Cleft Lip And Cleft Palate Repair
What you should know
Cleft lip and cleft palate repair is surgery to close the openings in your child's lip and mouth. Your child may have a cleft lip repair, a cleft palate repair, or both.
You have the right to help plan your child's care. Learn about your child's health condition and how it may be treated. Discuss treatment options with your child's caregivers to decide what care you want for your child.
- Your child may bleed more than usual or get an infection after surgery. Your child may have trouble breathing or get blood clots. If your child puts his hands or an object into his mouth, he can damage the incision. If your child's skin separates away from the stitches, surgery may have to be done again. This may also cause more scarring. The most common problem with cleft lip repair is when the side of the repaired lip does not line up with the other side. The most common problem with cleft palate repair is poor healing. It is common for children with clefts to need repair surgery more than once.
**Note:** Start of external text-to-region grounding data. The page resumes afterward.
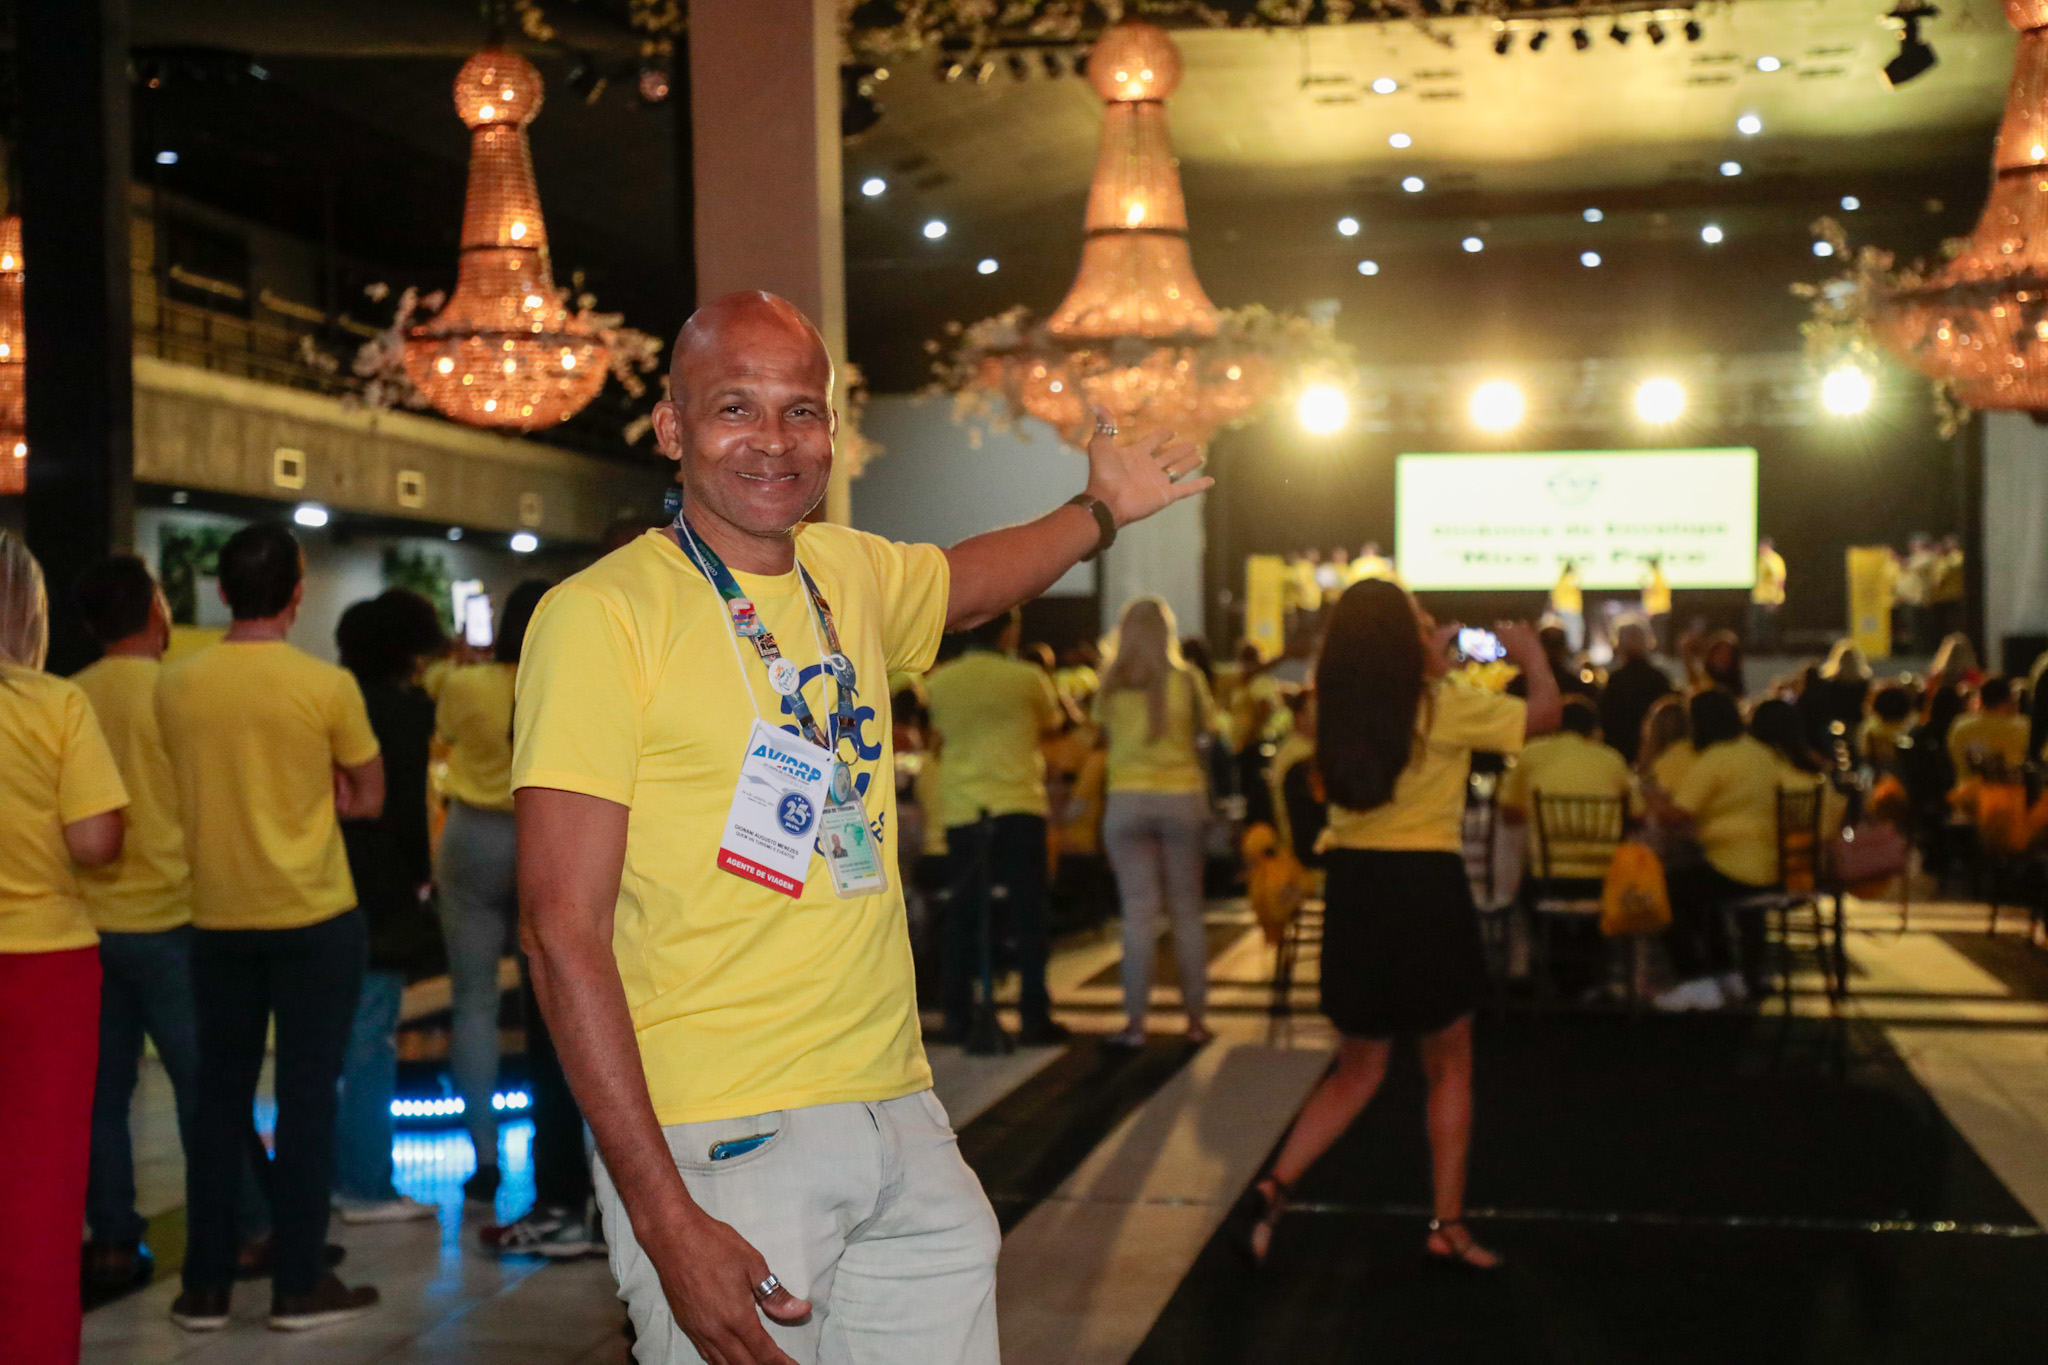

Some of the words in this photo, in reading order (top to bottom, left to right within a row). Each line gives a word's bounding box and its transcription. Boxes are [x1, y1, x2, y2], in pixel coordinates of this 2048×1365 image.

[752, 745, 822, 782] AVIRRP
[755, 833, 777, 846] AUGUSTO
[777, 842, 799, 855] MENEZES
[726, 857, 755, 874] AGENTE
[756, 869, 766, 879] DE
[767, 873, 794, 891] VIAGEM
- Without treatment, your child may have problems sucking. This can delay how much weight he gains as he grows. He may be tired after he eats because he has to work harder to suck and swallow. Feeding problems may cause liquids to back up into your child's ear canals. This increases the chance of ear infections and long-term hearing problems. The cleft may also cause your child to have problems with speech.
Before your child's surgery:
- Write down the date, time, and location of your child's surgery.
- When you take your child to see his caregiver, bring a list of his medicines or the medicine bottles. Tell caregivers if your child uses herbs, food supplements, or over-the-counter medicine. If your child is allergic to any medicine, tell his caregiver.
- Your child may need to take antibiotics before surgery to help prevent an infection. Give them as directed.
- Show your child the padded arm boards that will be used after surgery. Explain that they are to keep him from touching his mouth by accident. Put the padded arm boards on your child for a short time. This will help your child be less afraid if the boards are put on after surgery.
- Teach your child to drink from a cup, the side of a spoon, or a syringe. This may help prepare your child for new ways to drink after surgery.
- Practice cleaning your child's mouth. Sit your child up with his head forward. Gently spray water or salt water on the roof of his mouth using a spray bottle as directed. Let your child hold the spray bottle so he will not be afraid.
The night before your child's surgery:
- Ask caregivers about directions for eating and drinking.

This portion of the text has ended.